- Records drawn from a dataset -
________________

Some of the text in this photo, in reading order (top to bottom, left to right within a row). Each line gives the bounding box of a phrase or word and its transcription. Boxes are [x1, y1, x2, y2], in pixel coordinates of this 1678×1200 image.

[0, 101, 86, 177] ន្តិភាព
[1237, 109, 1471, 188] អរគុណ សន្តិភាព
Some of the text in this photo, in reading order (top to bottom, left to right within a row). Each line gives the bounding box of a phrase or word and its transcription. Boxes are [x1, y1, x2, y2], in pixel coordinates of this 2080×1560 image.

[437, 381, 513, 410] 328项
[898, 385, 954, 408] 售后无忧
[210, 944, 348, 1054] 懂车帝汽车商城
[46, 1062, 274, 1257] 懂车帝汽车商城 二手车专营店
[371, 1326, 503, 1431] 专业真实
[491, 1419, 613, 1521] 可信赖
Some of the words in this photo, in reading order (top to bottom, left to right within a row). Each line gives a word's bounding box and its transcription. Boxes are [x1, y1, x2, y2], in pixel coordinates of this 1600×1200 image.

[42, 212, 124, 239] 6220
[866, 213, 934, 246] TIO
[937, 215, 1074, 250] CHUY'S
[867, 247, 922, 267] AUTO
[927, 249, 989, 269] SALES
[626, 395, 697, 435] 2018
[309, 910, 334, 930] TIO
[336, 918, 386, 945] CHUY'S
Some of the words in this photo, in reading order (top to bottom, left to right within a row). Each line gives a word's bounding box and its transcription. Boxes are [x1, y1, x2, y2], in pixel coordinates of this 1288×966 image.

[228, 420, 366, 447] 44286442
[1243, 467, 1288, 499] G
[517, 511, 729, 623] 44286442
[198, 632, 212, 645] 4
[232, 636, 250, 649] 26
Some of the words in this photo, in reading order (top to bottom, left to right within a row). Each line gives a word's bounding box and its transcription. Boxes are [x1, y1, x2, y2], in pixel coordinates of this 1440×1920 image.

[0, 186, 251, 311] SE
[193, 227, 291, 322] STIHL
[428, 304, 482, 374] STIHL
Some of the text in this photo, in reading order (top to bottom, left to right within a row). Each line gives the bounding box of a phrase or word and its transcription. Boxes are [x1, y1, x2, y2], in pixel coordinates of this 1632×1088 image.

________________

- EXERCISE PROMPT -
Every entry above, from first to last, should be repeated exactly.

- EXERCISE RESULT -
Some of the text in this photo, in reading order (top to bottom, left to right within a row). Each line gives the bounding box of a phrase or word and its transcription. Boxes are [x1, y1, x2, y2], in pixel coordinates of this 1678×1200 image.

[0, 101, 86, 177] ន្តិភាព
[1237, 109, 1471, 188] អរគុណ សន្តិភាព
Some of the text in this photo, in reading order (top to bottom, left to right within a row). Each line gives the bounding box of a phrase or word and its transcription. Boxes are [x1, y1, x2, y2], in pixel coordinates of this 2080×1560 image.

[437, 381, 513, 410] 328项
[898, 385, 954, 408] 售后无忧
[210, 944, 348, 1054] 懂车帝汽车商城
[46, 1062, 274, 1257] 懂车帝汽车商城 二手车专营店
[371, 1326, 503, 1431] 专业真实
[491, 1419, 613, 1521] 可信赖
Some of the words in this photo, in reading order (top to bottom, left to right within a row). Each line gives a word's bounding box and its transcription. Boxes are [x1, y1, x2, y2], in pixel coordinates of this 1600×1200 image.

[42, 212, 124, 239] 6220
[866, 213, 934, 246] TIO
[937, 215, 1074, 250] CHUY'S
[867, 247, 922, 267] AUTO
[927, 249, 989, 269] SALES
[626, 395, 697, 435] 2018
[309, 910, 334, 930] TIO
[336, 918, 386, 945] CHUY'S
Some of the words in this photo, in reading order (top to bottom, left to right within a row). Each line gives a word's bounding box and its transcription. Boxes are [x1, y1, x2, y2], in pixel coordinates of this 1288×966 image.

[228, 420, 366, 447] 44286442
[1243, 467, 1288, 499] G
[517, 511, 729, 623] 44286442
[198, 632, 212, 645] 4
[232, 636, 250, 649] 26
Some of the words in this photo, in reading order (top to bottom, left to right within a row). Each line gives a word's bounding box and its transcription. Boxes are [x1, y1, x2, y2], in pixel coordinates of this 1440×1920 image.

[0, 186, 251, 311] SE
[193, 227, 291, 322] STIHL
[428, 304, 482, 374] STIHL
Some of the text in this photo, in reading order (top to bottom, left to right within a row). Each line gives the bounding box of a phrase or word and its transcription. Boxes are [x1, y1, x2, y2], in pixel coordinates of this 1632×1088 image.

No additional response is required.